▸ Description of the task
Send back the data below exactly. Drop every picture.

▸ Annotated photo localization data
==============================
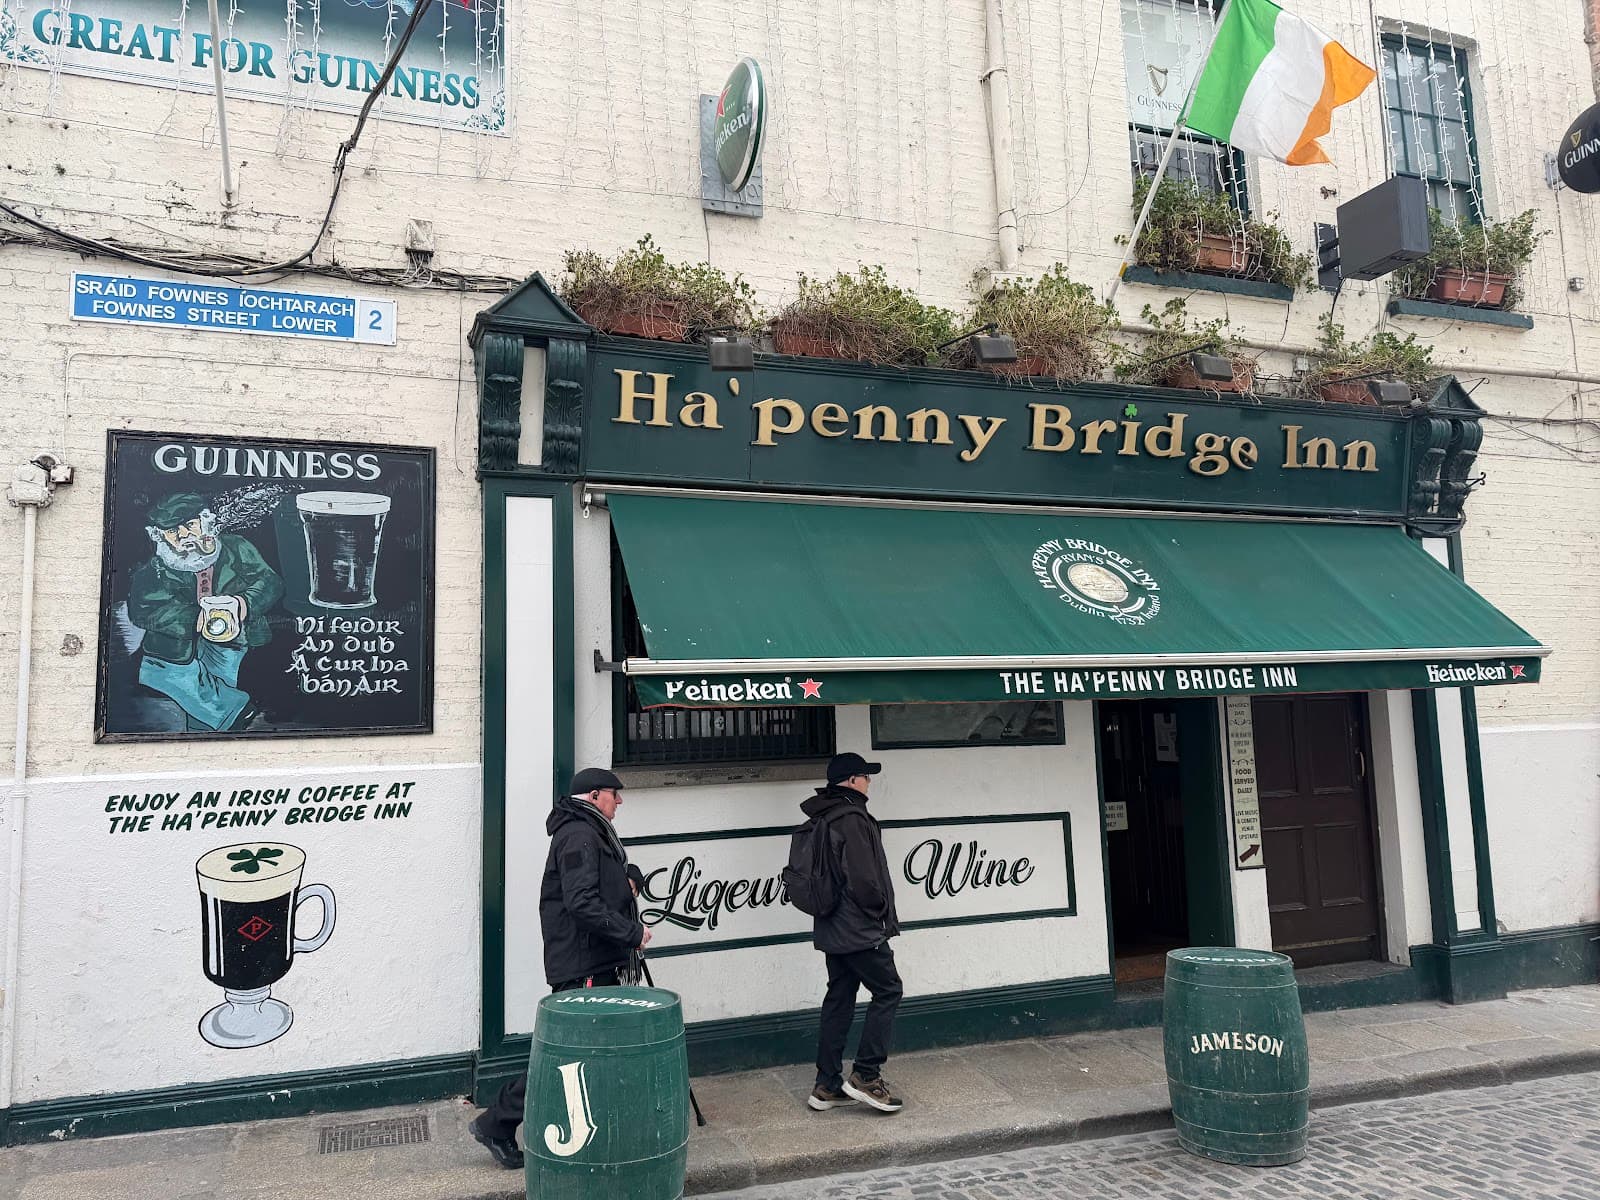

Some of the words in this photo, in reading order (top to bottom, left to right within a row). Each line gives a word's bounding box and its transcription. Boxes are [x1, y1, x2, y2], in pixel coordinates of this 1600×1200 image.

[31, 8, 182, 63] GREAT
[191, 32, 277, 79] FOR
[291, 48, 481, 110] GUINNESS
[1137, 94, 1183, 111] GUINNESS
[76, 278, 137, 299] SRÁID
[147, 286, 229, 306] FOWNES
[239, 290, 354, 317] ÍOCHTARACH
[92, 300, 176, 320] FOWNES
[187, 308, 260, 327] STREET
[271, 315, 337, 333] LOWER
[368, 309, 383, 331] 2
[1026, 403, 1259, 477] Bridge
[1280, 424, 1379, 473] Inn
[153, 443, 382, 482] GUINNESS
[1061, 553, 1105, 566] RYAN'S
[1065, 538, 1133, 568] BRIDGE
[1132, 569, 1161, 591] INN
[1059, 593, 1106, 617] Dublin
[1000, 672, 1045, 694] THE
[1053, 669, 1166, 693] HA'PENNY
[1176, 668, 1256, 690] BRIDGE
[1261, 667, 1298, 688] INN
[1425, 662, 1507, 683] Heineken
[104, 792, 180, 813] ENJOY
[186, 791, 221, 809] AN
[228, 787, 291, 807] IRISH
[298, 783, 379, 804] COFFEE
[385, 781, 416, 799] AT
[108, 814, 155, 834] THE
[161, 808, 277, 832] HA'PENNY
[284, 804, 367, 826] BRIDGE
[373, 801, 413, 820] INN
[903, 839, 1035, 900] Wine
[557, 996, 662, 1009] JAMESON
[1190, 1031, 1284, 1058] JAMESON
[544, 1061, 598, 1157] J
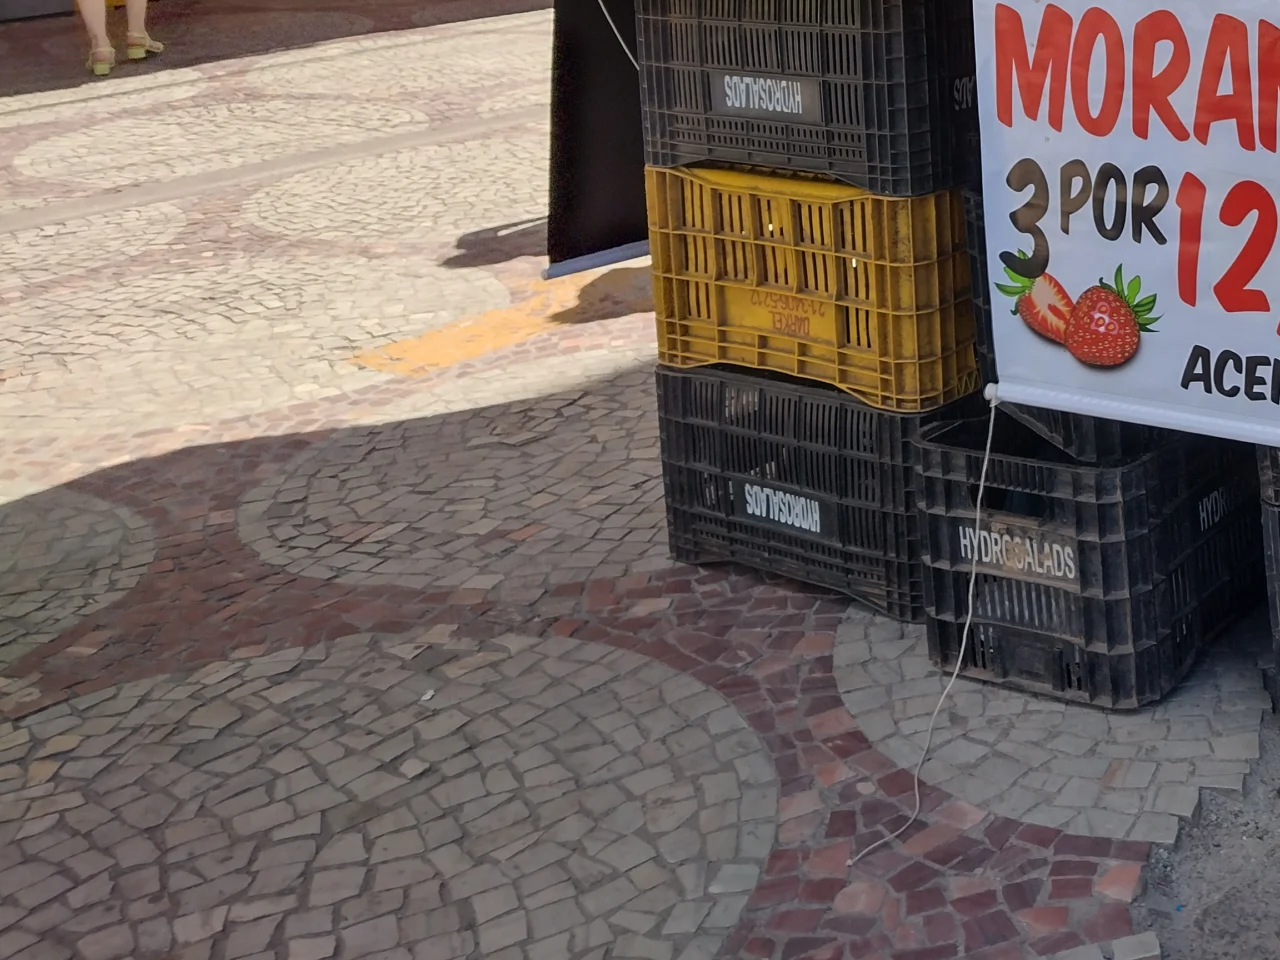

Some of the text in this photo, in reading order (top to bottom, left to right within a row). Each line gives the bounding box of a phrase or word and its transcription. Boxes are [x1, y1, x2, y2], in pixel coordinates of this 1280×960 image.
==============================
▸ Response to the task
Some of the words in this photo, in reading order (top to bottom, left to right within a row). Each line gives a word's bounding box and its transcription. Boxes are [x1, y1, x2, y2], in pixel coordinates of this 1600×1200 image.

[31, 8, 182, 63] GREAT
[191, 32, 277, 79] FOR
[291, 48, 481, 110] GUINNESS
[1137, 94, 1183, 111] GUINNESS
[76, 278, 137, 299] SRÁID
[147, 286, 229, 306] FOWNES
[239, 290, 354, 317] ÍOCHTARACH
[92, 300, 176, 320] FOWNES
[187, 308, 260, 327] STREET
[271, 315, 337, 333] LOWER
[368, 309, 383, 331] 2
[1026, 403, 1259, 477] Bridge
[1280, 424, 1379, 473] Inn
[153, 443, 382, 482] GUINNESS
[1061, 553, 1105, 566] RYAN'S
[1065, 538, 1133, 568] BRIDGE
[1132, 569, 1161, 591] INN
[1059, 593, 1106, 617] Dublin
[1000, 672, 1045, 694] THE
[1053, 669, 1166, 693] HA'PENNY
[1176, 668, 1256, 690] BRIDGE
[1261, 667, 1298, 688] INN
[1425, 662, 1507, 683] Heineken
[104, 792, 180, 813] ENJOY
[186, 791, 221, 809] AN
[228, 787, 291, 807] IRISH
[298, 783, 379, 804] COFFEE
[385, 781, 416, 799] AT
[108, 814, 155, 834] THE
[161, 808, 277, 832] HA'PENNY
[284, 804, 367, 826] BRIDGE
[373, 801, 413, 820] INN
[903, 839, 1035, 900] Wine
[557, 996, 662, 1009] JAMESON
[1190, 1031, 1284, 1058] JAMESON
[544, 1061, 598, 1157] J

Some of the text in this photo, in reading order (top to bottom, left to right within a row). Each line gives the bounding box of a phrase or word and its transcription. Boxes are [x1, y1, x2, y2], in pixel coordinates of this 1280×960 image.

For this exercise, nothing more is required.